→ Task description:
A faithful copy of the entries, without any pictures, is what is needed here.
------ Information supplied ------
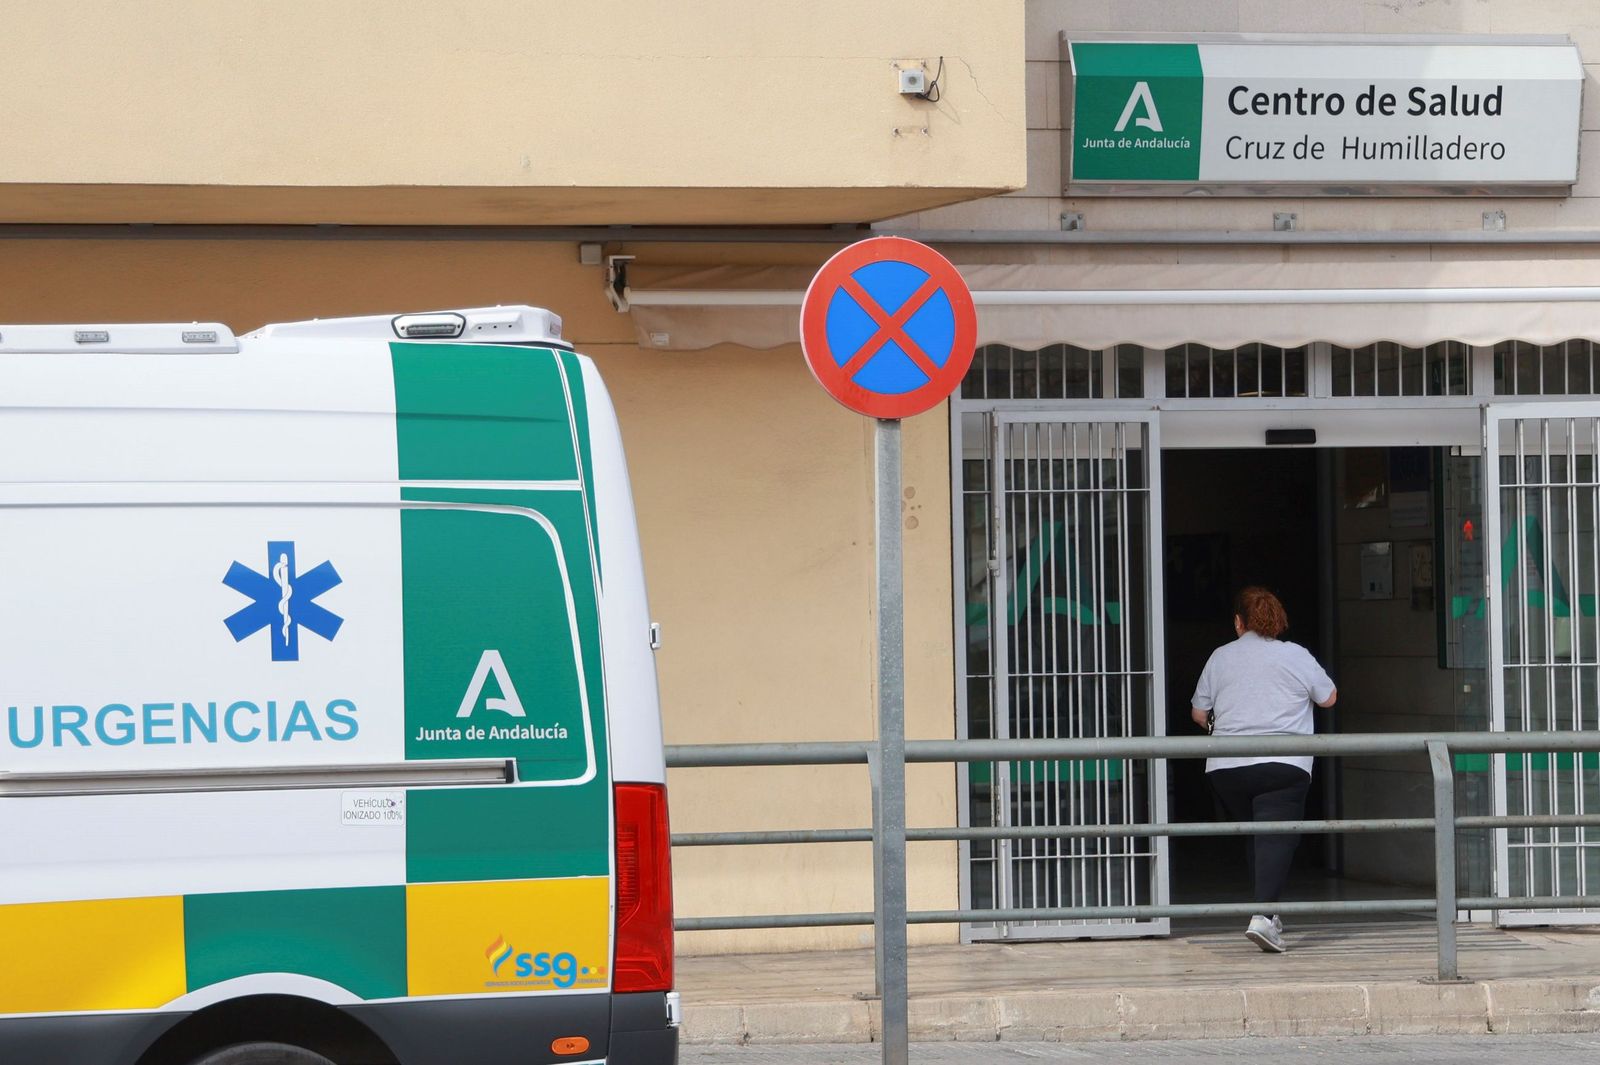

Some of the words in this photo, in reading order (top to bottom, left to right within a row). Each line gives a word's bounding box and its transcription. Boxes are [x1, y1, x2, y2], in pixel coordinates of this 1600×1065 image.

[1228, 85, 1345, 116] Centro
[1355, 84, 1397, 116] de
[1407, 84, 1503, 116] Salud
[1082, 138, 1115, 149] Junta
[1118, 137, 1132, 149] de
[1134, 136, 1191, 149] Andalucía
[1225, 134, 1285, 161] Cruz
[1293, 134, 1325, 161] de
[1341, 134, 1506, 161] Humilladero
[8, 699, 359, 748] URGENCIAS
[415, 727, 462, 742] Junta
[465, 725, 486, 740] de
[488, 722, 568, 740] Andalucía
[343, 810, 381, 820] IONIZADO
[383, 810, 403, 820] 100%
------
→ Exercise answer:
Some of the words in this photo, in reading order (top to bottom, left to right within a row). Each line gives a word's bounding box and its transcription. Boxes are [x1, y1, x2, y2], in pixel coordinates of this 1600×1065 image.

[1228, 85, 1345, 116] Centro
[1355, 84, 1397, 116] de
[1407, 84, 1503, 116] Salud
[1082, 138, 1115, 149] Junta
[1118, 137, 1132, 149] de
[1134, 136, 1191, 149] Andalucía
[1225, 134, 1285, 161] Cruz
[1293, 134, 1325, 161] de
[1341, 134, 1506, 161] Humilladero
[8, 699, 359, 748] URGENCIAS
[415, 727, 462, 742] Junta
[465, 725, 486, 740] de
[488, 722, 568, 740] Andalucía
[343, 810, 381, 820] IONIZADO
[383, 810, 403, 820] 100%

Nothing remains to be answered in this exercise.